AARON LEWIS On Beating COVID-19 Twice: 'Aside From Losing My Taste And Smell, I've Had Colds That Were Worse'
July 3, 2026In a new interview with Donald Trump's daughter-in-law Lara Trump for "The Right View With Lara Trump" podcast, STAIND frontman Aaron Lewis spoke about the inspiration for his 2021 solo single "Am I The Only One", which takes aim at liberals and touches on American flags burning and statues that have been removed in the country. "Am I The Only One", which Lewis wrote with Ira Dean and Jeffrey Steele, was released five years ago this month and topped the Hot Country Songs chart on Billboard. Lewis sings in the song's chorus: "I'm not the only one, willin' to fight / For my love of the red and white / And the blue, burnin' on the ground / Another statue comin' down in a town near you." Lewis also criticizes Bruce Springsteen — who can best be described as Lewis's political polar opposite, having been a vocal opponent to U.S. president Donald Trump on many occasions — at the end of the track, singing: "Am I the only one who quits singin' along every time they play a Springsteen song."
"Me and Jeffrey and Ira wrote the song in the middle of COVID shutdown," Aaron told Lara Trump. "We broke the rules, and we got together and didn't wear masks.
Referencing government-mandated shutdowns of businesses during the COVID-19 pandemic, Aaron said: "I found that to be the craziest thing that I've ever experienced in my 54 years on this Earth.
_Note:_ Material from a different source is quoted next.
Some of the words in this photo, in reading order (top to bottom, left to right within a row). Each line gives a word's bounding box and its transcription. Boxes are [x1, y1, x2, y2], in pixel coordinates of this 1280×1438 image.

And I never thought in a million years... I can't even imagine all the grandfathers and the aunts and uncles and great-grandfathers that were rolling over in their grave, watching us give up every last bit of our freedom over fear."
Aaron went on to cite the case-fatality ratio (CFR) associated with the COVID-19 pandemic, claiming that "0.007 was the original number that was thrown out — 0.007% of the population of the Earth" was estimated to die among identified confirmed cases. "The flu kills more people than that every year. Everything else was fear. I'm pretty sure the treatments killed more people than the actual virus."
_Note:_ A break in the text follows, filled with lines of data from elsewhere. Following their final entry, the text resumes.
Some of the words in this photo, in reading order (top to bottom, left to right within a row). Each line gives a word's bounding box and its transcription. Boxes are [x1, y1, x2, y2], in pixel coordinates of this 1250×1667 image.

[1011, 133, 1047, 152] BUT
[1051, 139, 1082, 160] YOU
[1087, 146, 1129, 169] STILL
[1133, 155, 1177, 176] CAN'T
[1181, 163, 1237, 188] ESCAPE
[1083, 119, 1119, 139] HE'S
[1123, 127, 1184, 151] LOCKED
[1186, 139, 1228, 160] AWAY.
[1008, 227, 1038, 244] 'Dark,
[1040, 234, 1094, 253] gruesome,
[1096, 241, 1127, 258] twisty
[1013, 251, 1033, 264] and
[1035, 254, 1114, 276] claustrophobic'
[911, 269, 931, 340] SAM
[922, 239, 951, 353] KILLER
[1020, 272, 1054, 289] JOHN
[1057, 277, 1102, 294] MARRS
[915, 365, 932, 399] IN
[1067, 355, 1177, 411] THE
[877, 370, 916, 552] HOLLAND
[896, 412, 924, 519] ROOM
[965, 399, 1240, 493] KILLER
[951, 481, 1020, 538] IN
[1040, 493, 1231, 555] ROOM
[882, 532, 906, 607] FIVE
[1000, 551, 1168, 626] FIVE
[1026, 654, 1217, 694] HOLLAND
Lewis also blasted COVID vaccine mandates, which placed legal limits on where people who didn't receive a COVID vaccine could go or work. He said: "As a boss that is all about people's rights and everything else, I didn't get vaccinated. I didn't make any of my employees get vaccinated. None of my band got vaccinated. And when I got it, inevitably — I've been way sicker. Aside from losing my taste and smell, I've had colds that were worse."
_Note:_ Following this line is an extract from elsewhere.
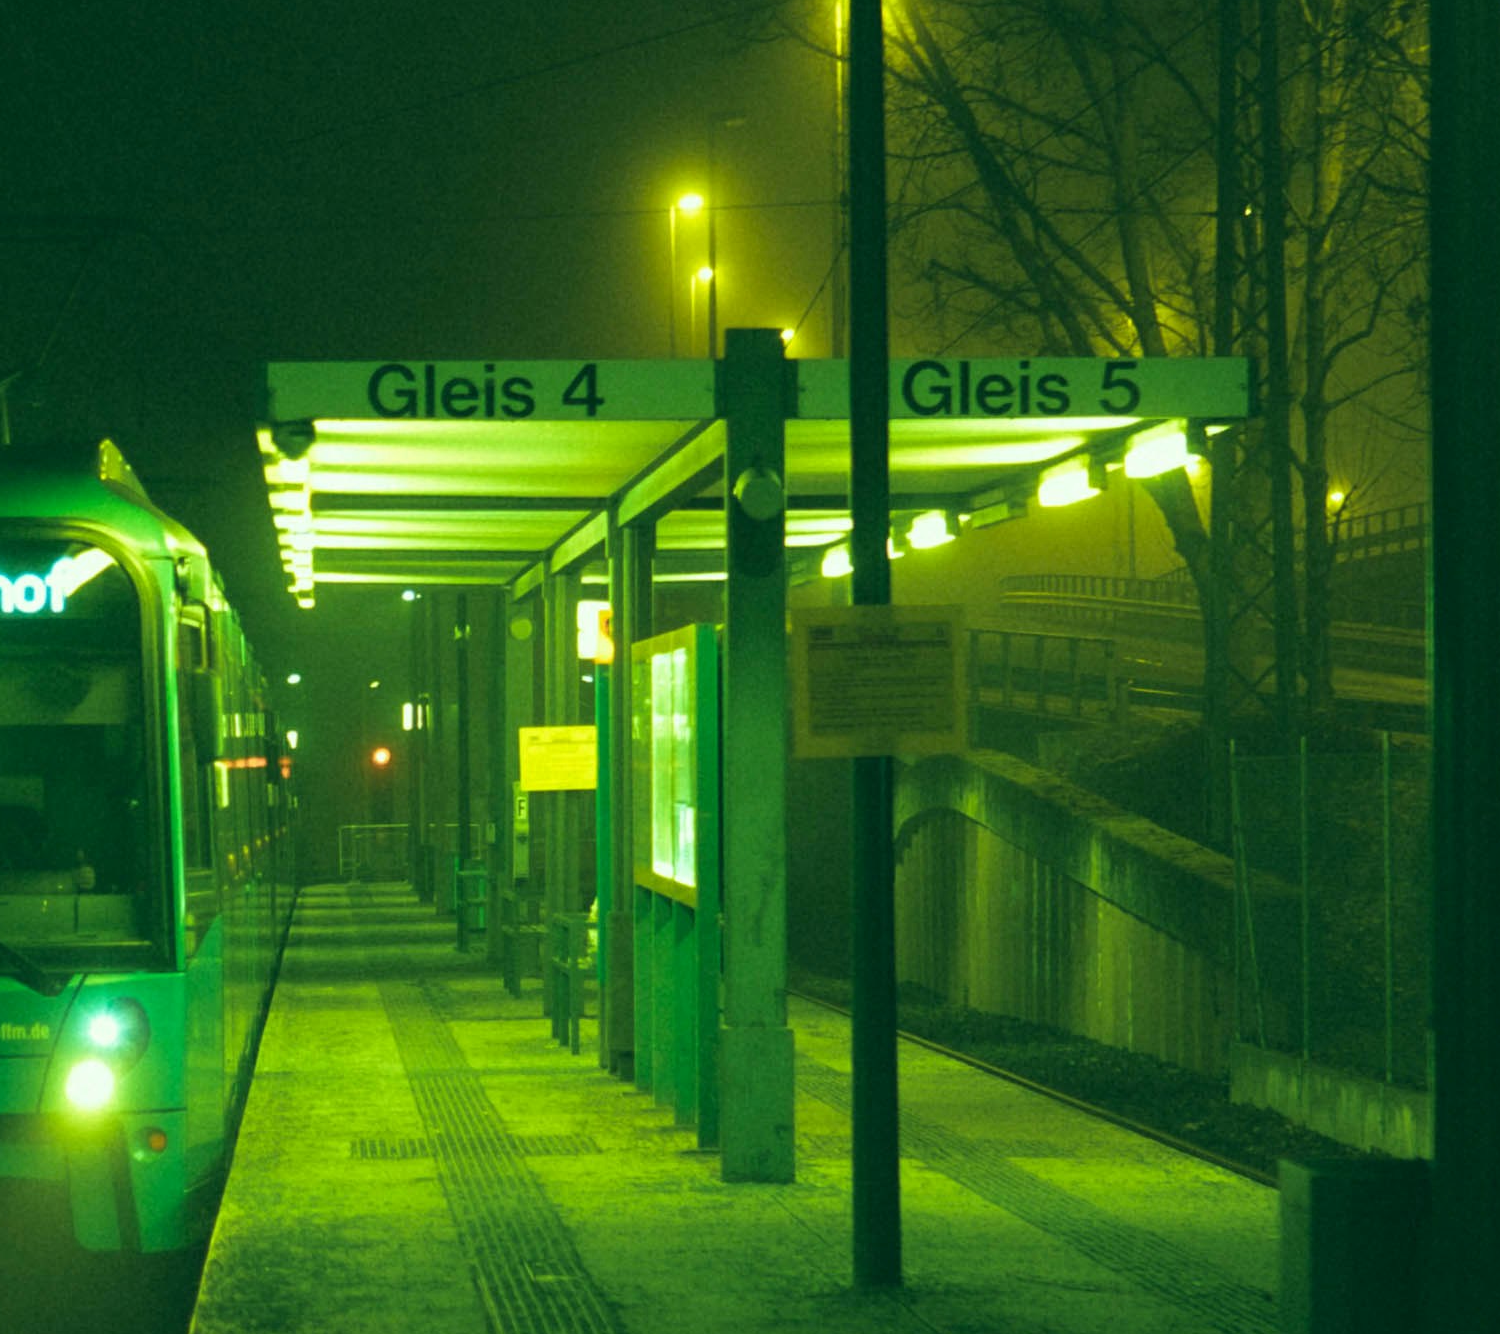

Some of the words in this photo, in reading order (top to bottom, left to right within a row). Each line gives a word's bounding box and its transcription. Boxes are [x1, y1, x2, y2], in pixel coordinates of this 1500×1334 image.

This is not the first time Aaron has publicly made anti-vaccine and anti-mask statements. At a March 2022 concert in Portsmouth, Ohio, Lewis lashed out at the media, the Internet and the big corporations he claimed "made billions and billions" off locked-down Americans during the COVID-19 pandemic's worst days.
"They made you believe that a vaccine was gonna keep you safe," he said at the time. "They made you think that a fucking mask was gonna keep you safe. They made you think that avoiding your friends and your family and staying locked up in your house was gonna somehow keep you safe. But guess what — didn't we all get COVID? Didn't every single of us in this fucking room get COVID and live to tell the tale? We're okay. I survived. I didn't stick that poison in my fucking body. I did just fine. I had it twice. I'm not fucking dead."
As of June 2026, there are 7,114,321 officially confirmed deaths globally directly attributed to COVID-19 reported to the World Health Organization. However, because of varying protocols, limited initial testing, and unrecorded cases, researchers and health organizations agree that the true death toll is substantially higher.
Lewis will release his new solo album, "Give My Country Back", on July 17 via Big Machine Label Group.
Lewis co-wrote five songs on "Give My Country Back" alongside longtime collaborators including Jeffrey Steele and Bobby Pinson, with additional contributions from Casey Bethard, Travis Meadows and others.